Its like they don't get that I only talk to them before homecoming, thanksgiving, or any other time I go home. I love highschool girls.
We decided to cut you off after you insisted on eating peanuts by the dumpster
Printing the vagina inspector badge was money well spent.
YOU DID DRUGS AFTER A THREESOME WHO ARE YOU TO JUDGE ME?!!?
Restaurants Roasting People Who Gave Them Negative Yelp Reviews (25 Pics)
I actually cannot wait for your visit. I miss people who make me look like the virgin mary in comparison.

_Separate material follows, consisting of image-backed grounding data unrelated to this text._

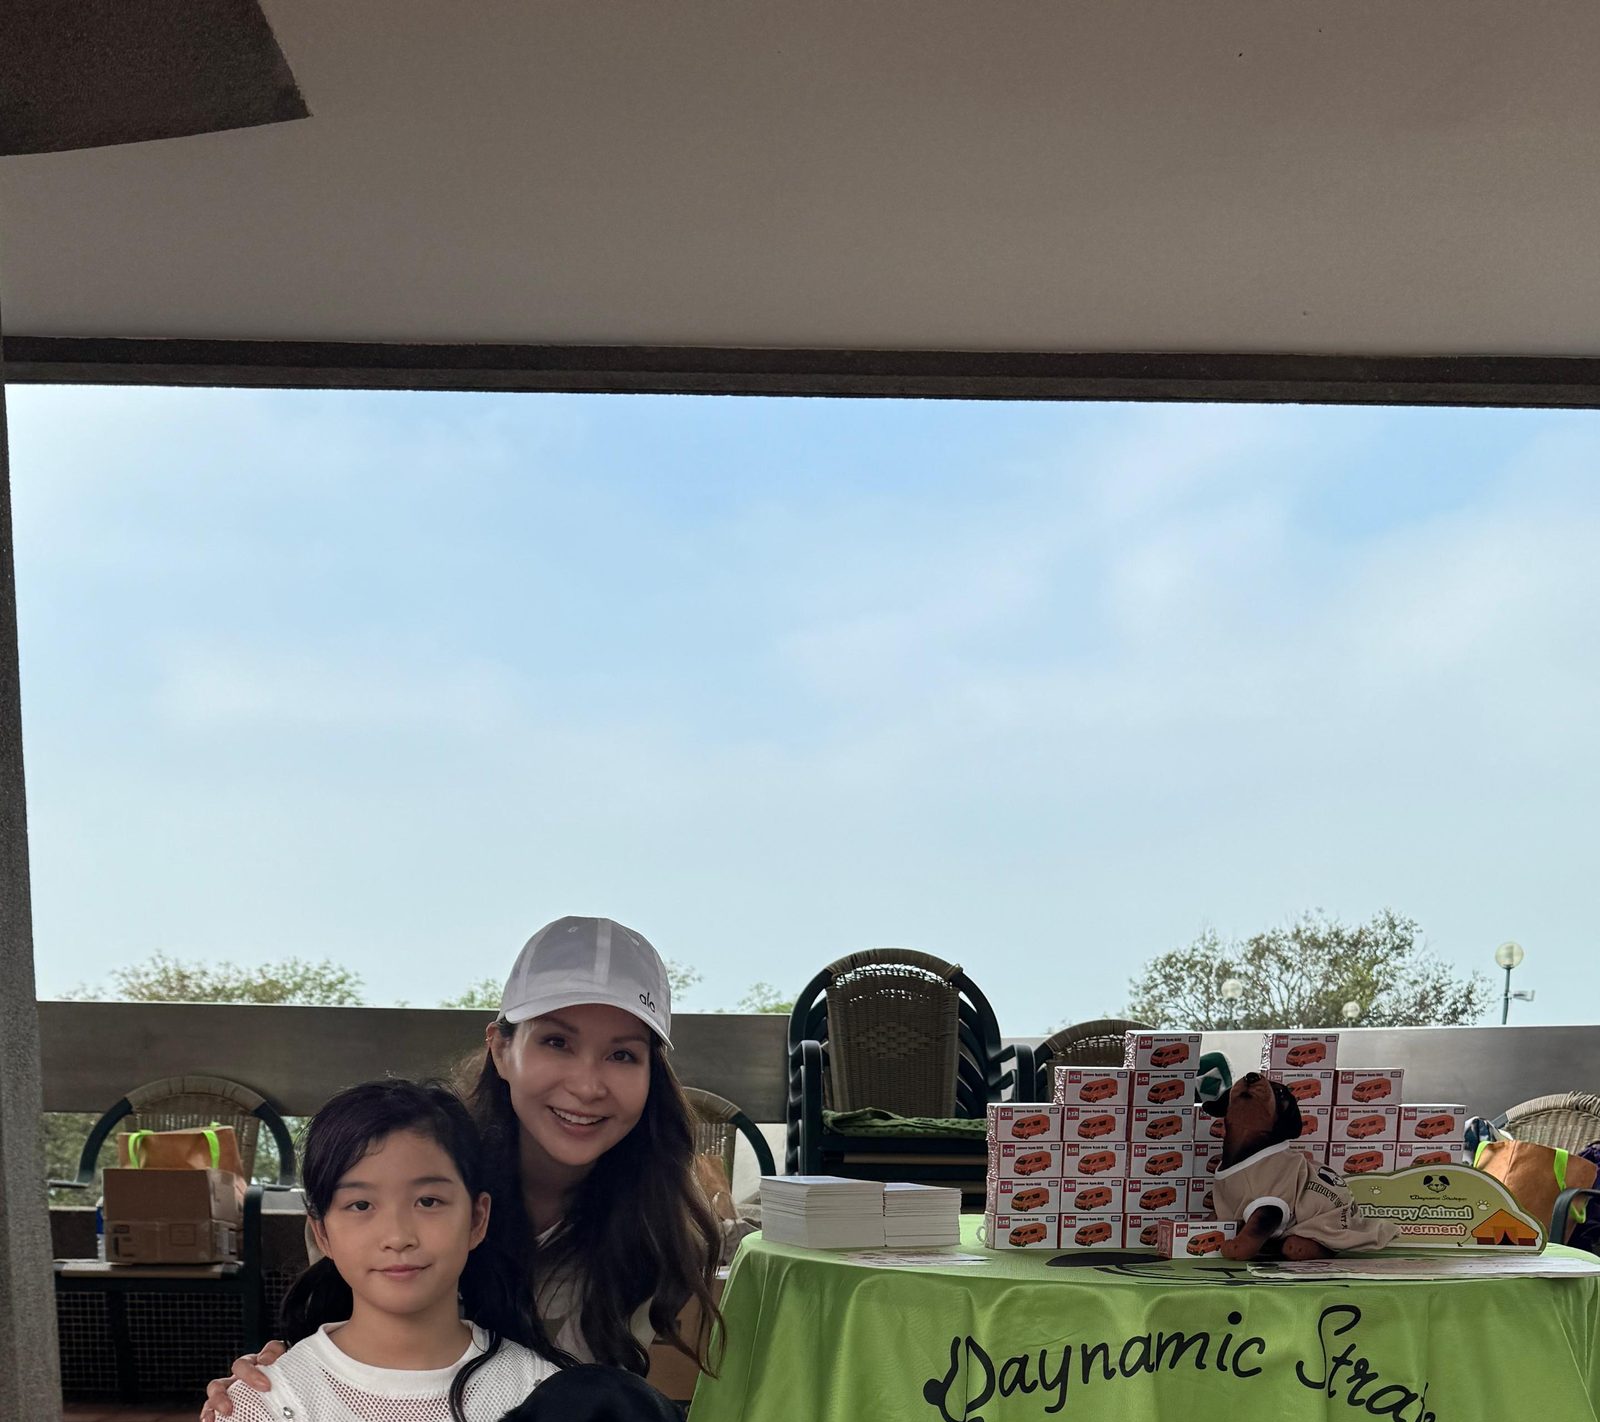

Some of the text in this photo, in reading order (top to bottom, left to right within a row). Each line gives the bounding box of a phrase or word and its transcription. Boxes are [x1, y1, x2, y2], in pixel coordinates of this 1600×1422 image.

[1360, 1205, 1419, 1220] Therapy
[1419, 1205, 1472, 1219] Animal
[1400, 1223, 1466, 1235] werment
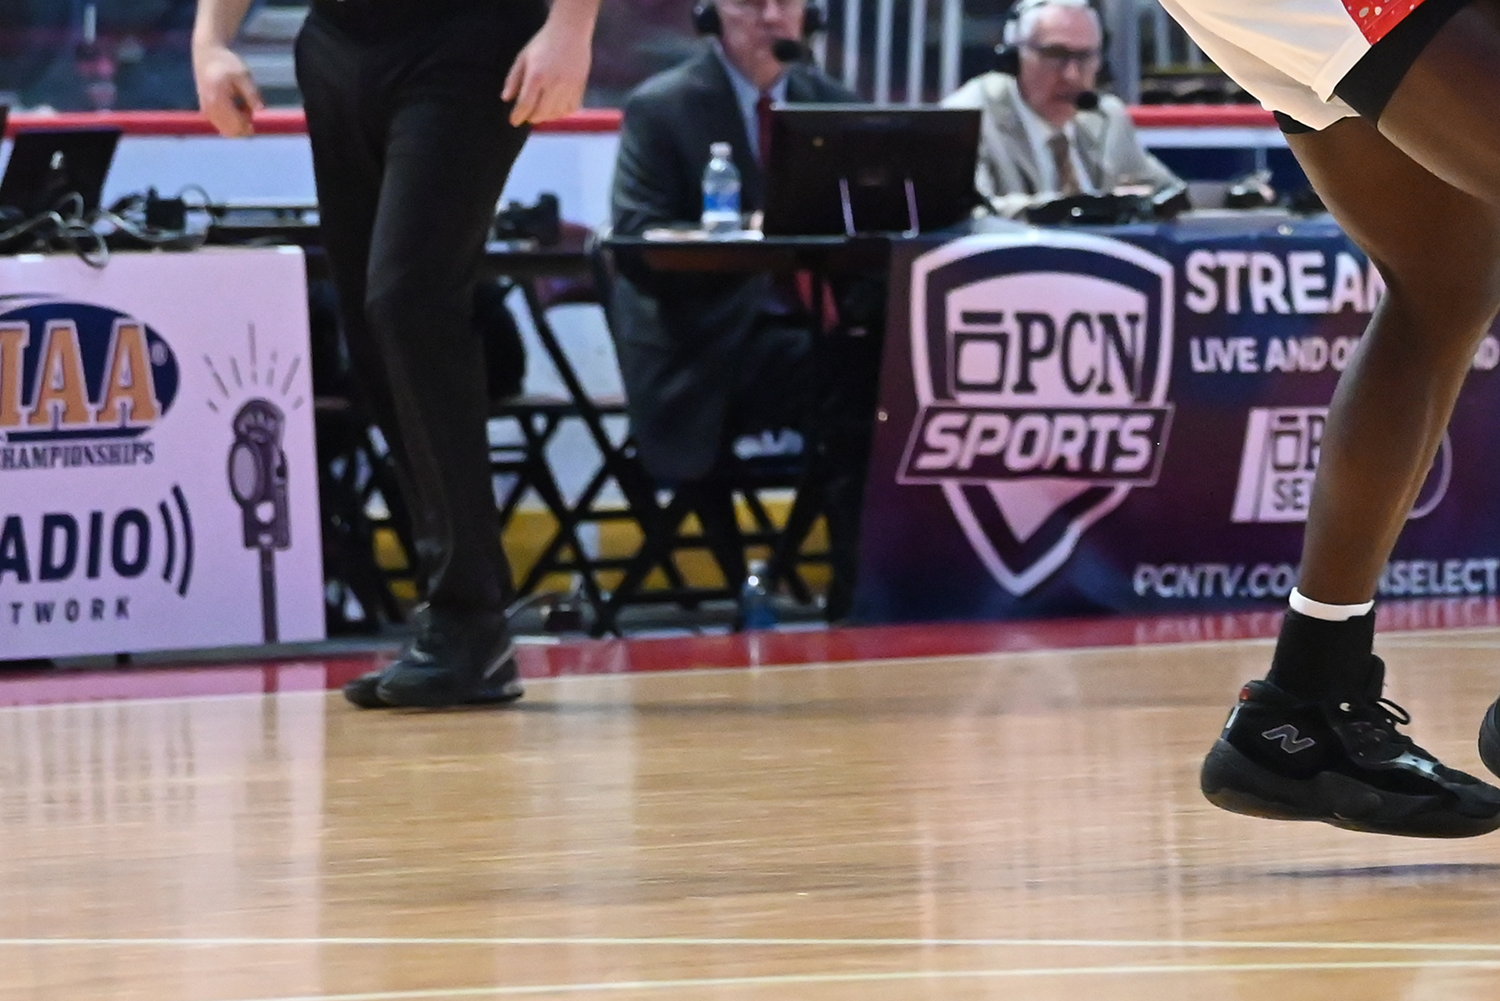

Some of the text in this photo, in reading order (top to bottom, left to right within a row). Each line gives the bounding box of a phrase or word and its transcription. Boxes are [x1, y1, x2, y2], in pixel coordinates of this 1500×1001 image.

[0, 320, 160, 430] IAA
[1012, 311, 1140, 396] PCN
[1190, 337, 1259, 373] LIVE
[1265, 337, 1327, 373] AND
[0, 441, 155, 471] HAMPIONSHIPS
[914, 412, 1155, 473] SPORTS
[0, 508, 151, 584] ADIO
[9, 597, 131, 626] TWORK
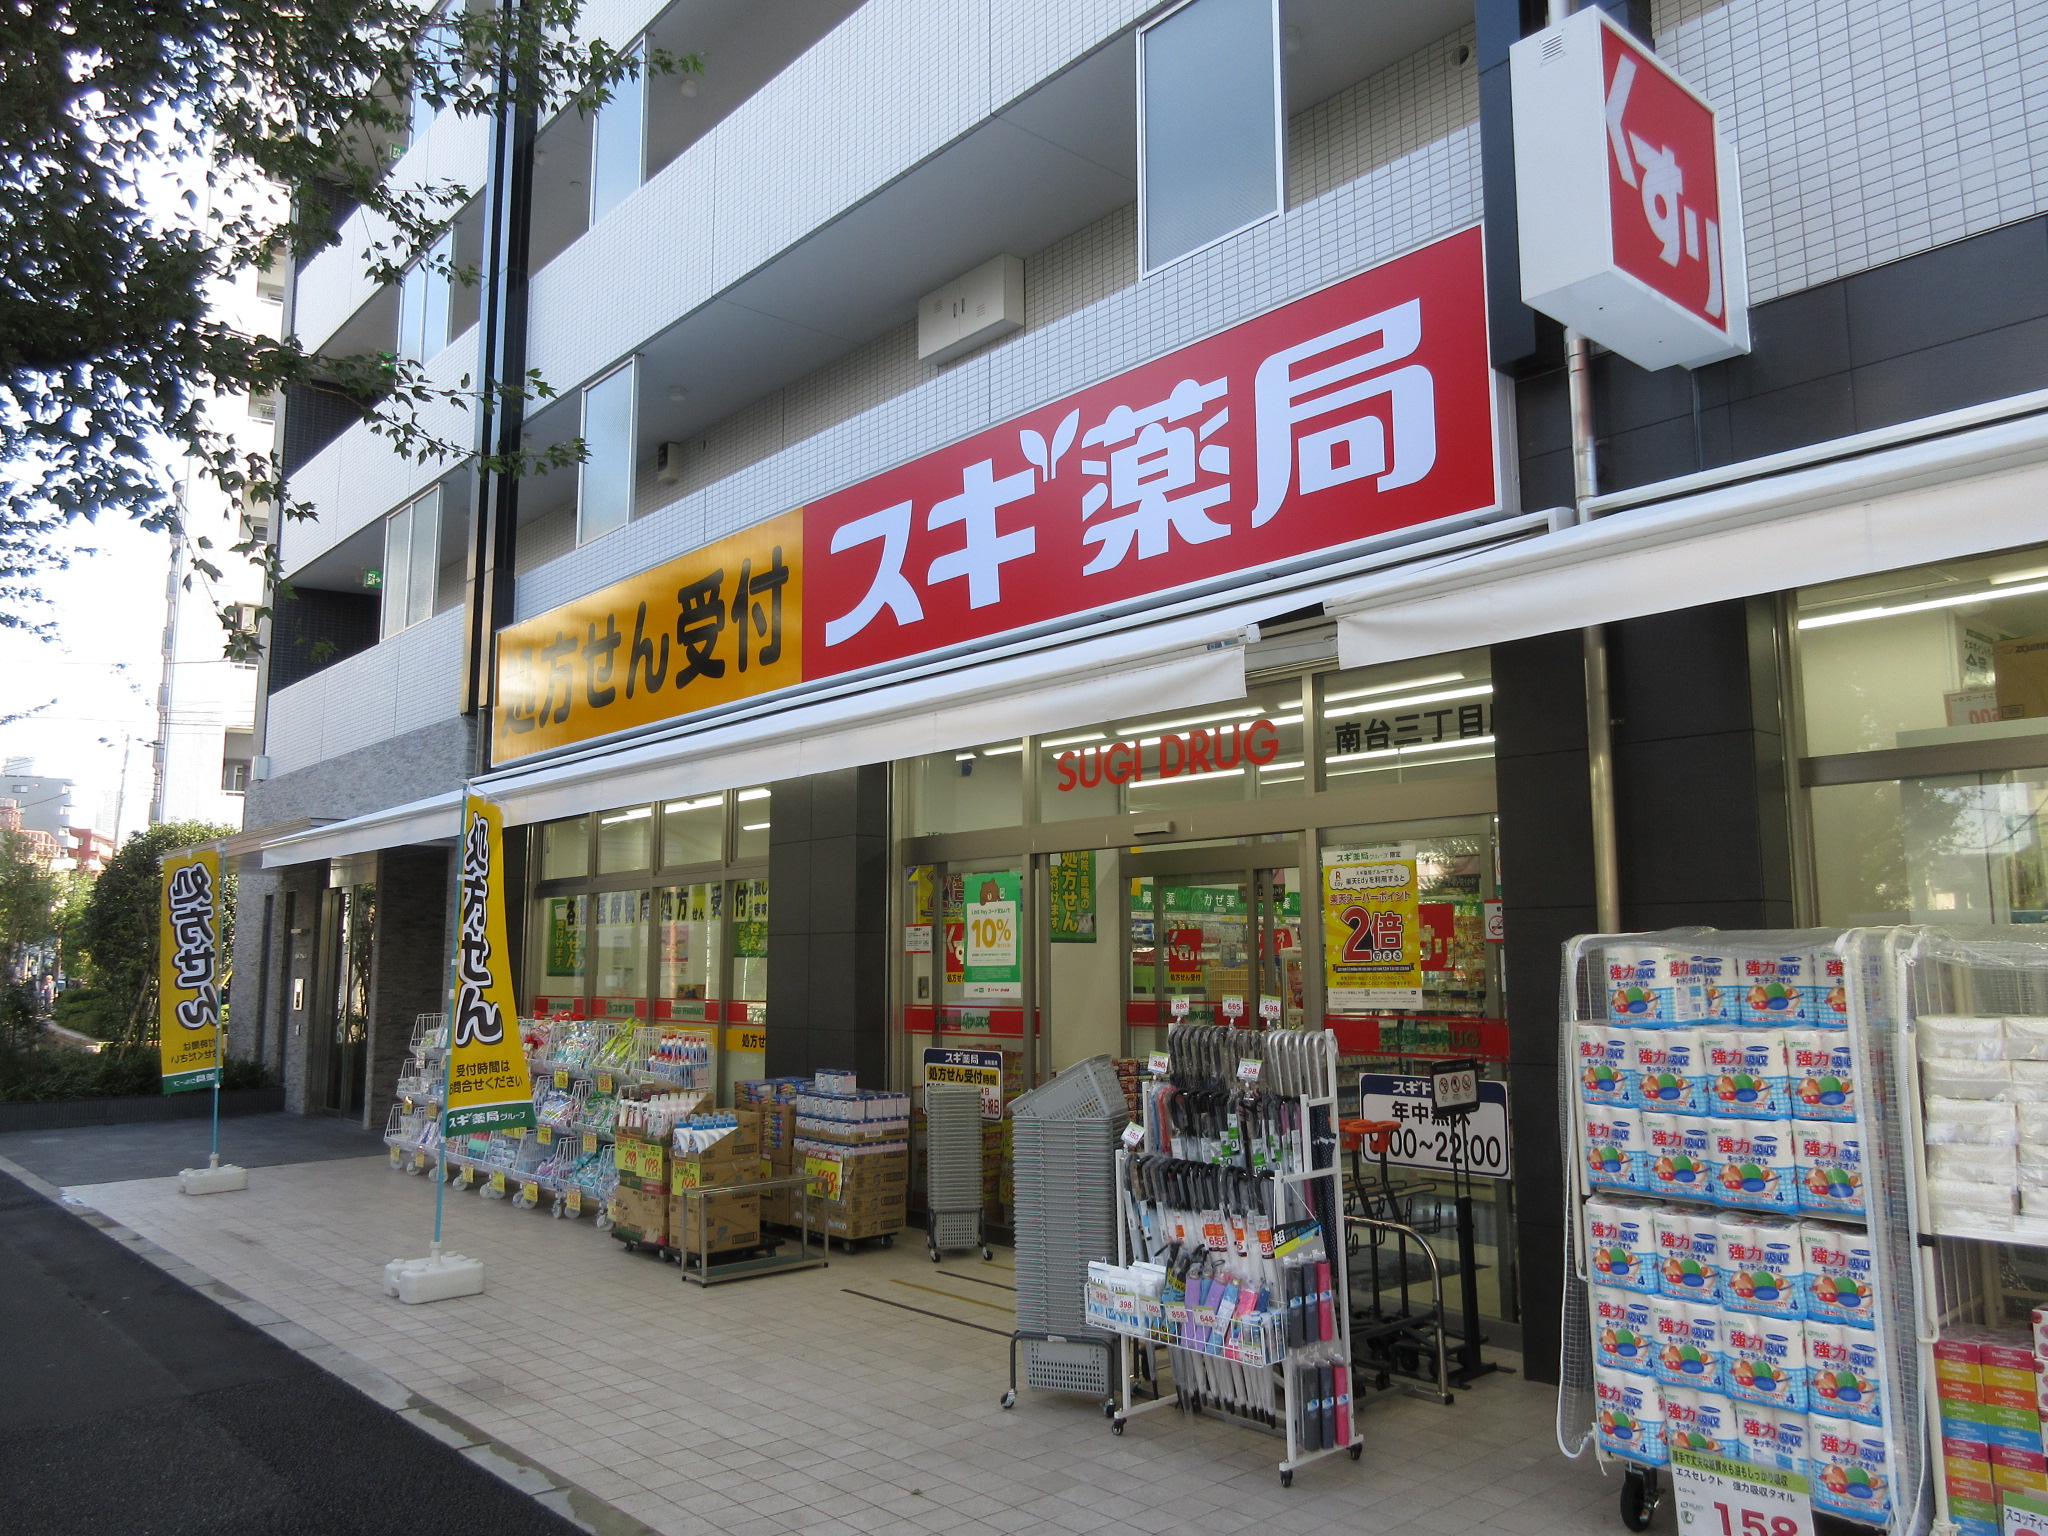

I just wanted to let u know that I called the taco people and informed them what the fuck is up.
Back of his car in the Starbucks parking lot WITH HIS APRON STILL ON. Check and Mate.
Holy shit. You won barista bingo AND the Triple Crown in one day.
Saying you need a hooker then asking me to have sex is NOT the way to get laid. Booty call 101.
Good thing my vagina doesn't have a chronometer on it. I'm sure my fiance would be horrified. Probably 10 miles from this past weekend alone.
Woman Posts Harassing DMs From Creep Online, Now He’s Upset Because People Told His Mom
I had wine for breakfast at 6am, that's how visiting my parents went.
Currently googling hangover cures, which looks a lot like working from the perspective of my boss.
Why can't all sociopaths be as fabulous as me?
i feel like doing his laundry was not included in the job description when we became fuck buddies.
Grandma is high again and locked herself in the house
Let's just grow old together and be the crazy ladies that sit on the park bench, drinking booze from flasks and loudly talk about people who walk by.